May 17, 2010

Jesus loves me

I do actually do stuff other than bake and take photos, you know. But because I've recently mastered the brilliant technique of placing the camera on some sturdy piece of furniture, like say, a dining table, so my hand doesn't shake when I push the button (my pictures turn out blurry because I breathe. for real), and since I apparently am a sort-of-wannabe blogger-with-nice-food-pictures, I bring you these close-up of grapes.

These most-sweet-tasting vine-fruit we have procured since arrival in North America, and possibly ever, sat in the fridge, on the upper shelf near the light bulb. So that every opening of the fridge door produced an explosion of pink radiance that prompted me to share, and burn it unto my hard-drive, this photo-botanical wonder. Art capturing the fleeting beauty of nature as a commentary on the transience of human experience. In other words: get a loada those grapes.

Speaking of loads, I went to see a therapist for one session, and decided it's not worth the time and money (oh my god, so much money) to start re-narrating to a stranger the whole story of my life to eventually possibly figure out things that might just need their own time to heal. I still am experiencing good days and bad days, naturally, with the bad days being really horrible and frightening and devastating and insane, but these usually also gleam with some hope thanks to the kindness and amazing trust of DH. Sometimes it is almost heart-shattering (in a good way. There must be a good way to understand your heart being shattered. Like exploding into a million pieces from, well, compassion. Egads the spirituality) to realize how well one man knows you.
Speaking of spiritual: so I called up one of the local soup kitchens to get information about their volunteering program. And it seemed it was never a good time because I always got their answering machine, telling me in a deep, very slow voice of a Morgan Freeman combined with, oh I don't know, (I'm so cliche it's sad, I cannot think of any other African-American figure of preachy wisdom) that Pastor Something is attending his flock at the moment and what the hours of service are and after the third time I finally waited the length of the recorded message to leave my number (they never called me back, which seemed suspicious to me. What? You've got TOO MANY volunteers at your soup kitchen? I knew it, huge pots of seething brew are SO SEXY, people are just standing in lines...). Point being: their message ends with "May God bless you. REEEAL GOOOOD."

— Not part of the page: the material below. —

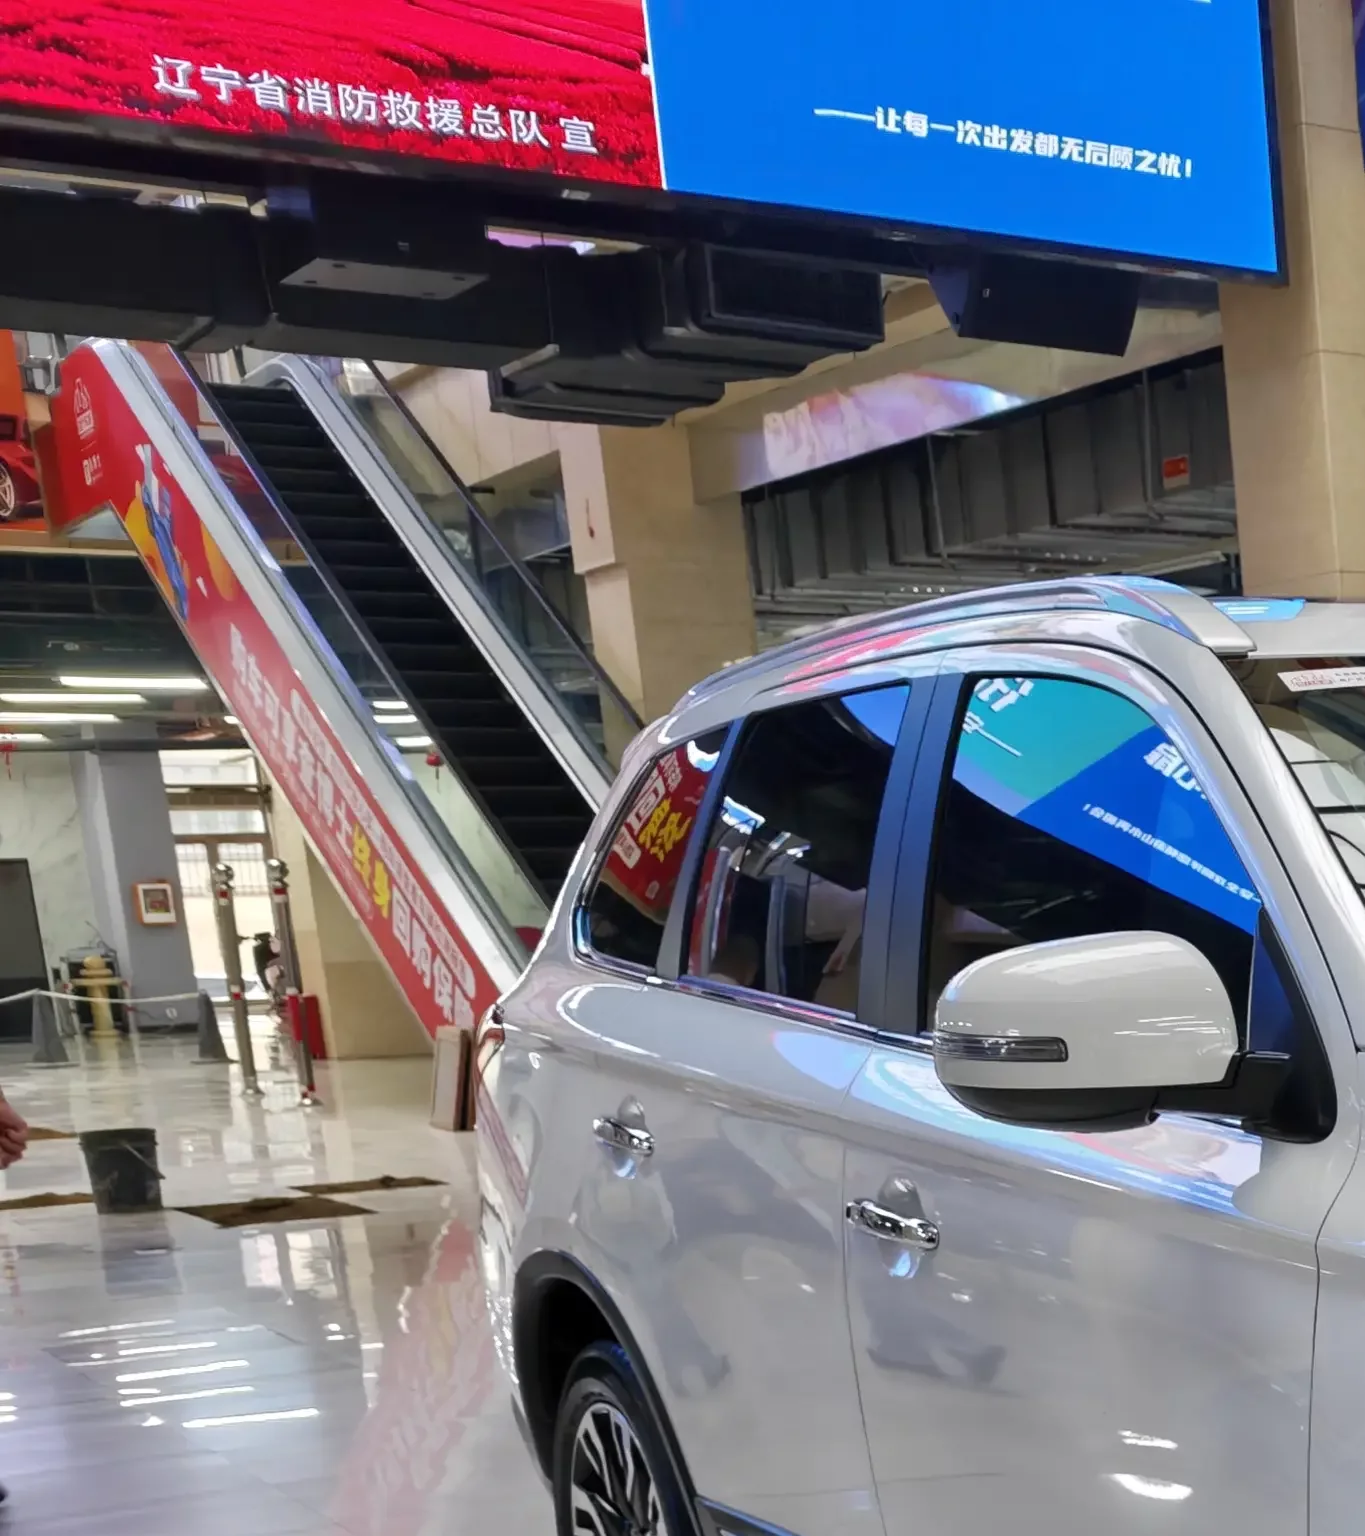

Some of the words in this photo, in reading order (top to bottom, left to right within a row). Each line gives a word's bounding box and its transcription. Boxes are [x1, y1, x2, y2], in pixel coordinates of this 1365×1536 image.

Meanwhile, I joined a group of students engaged in a project of mapping the University of Chicago and its surrounding neighborhoods, most of which are fairly-to-extremely poor and crime-ridden. The crime part may be more a bit of mythological terrorism than a statistical fact, fueled by the University, who is itself a major landowner in the city, and has been leading a deliberate process of gentrification and segregation for decades. In other words, I have become a mild activist.
And lo, the immediate need for therapy and/or volunteering for the needy has subsided. I detect several reasons for this:
1) The obvious one, I am busier (including some independent Aeneid reading that I'm getting done. Excuse me while I rejoice. Yeah!), which of course makes me feel like a bit of a sell-out, as if the whole urge to make a difference in others' lives simply originated in my own boredom.
2) My own interest is in "mapping" (I still have to figure out exactly what form that will take) the homeless people of the neighborhood, specifically the borderline-homeless selling Streetwise. In the face of utter nihilism and despair (thoughts such as: poverty and crime are such global, deep-structure problems that there is nothing even the most enthusiastic students can do to change them), perhaps being part of a group of people who want to raise awareness to our mutual situation is, at least to some degree, effective? Stress on the group. Not me alone in my room. Not me in front of a computer screen on the online hotline of RAINN (did I tell you about that? well, another one of my attempts to get myself out there… and help victims of sexual assault. An option that from the outset seemed overwhelming, or: not the right thing for me to do at this point in time, and was thus soon, but not without heartache, dropped.)
3) The therapy experience was not like "sinking into a good couch", as my mother put it when I was deliberating with her if I should go on with this. Herself a psychologist, she said there should be no question marks about it: it should feel good. And realizing that verbalizing my sisterhood plight is not what I need right now, I guess I am in search for my comfortable couch.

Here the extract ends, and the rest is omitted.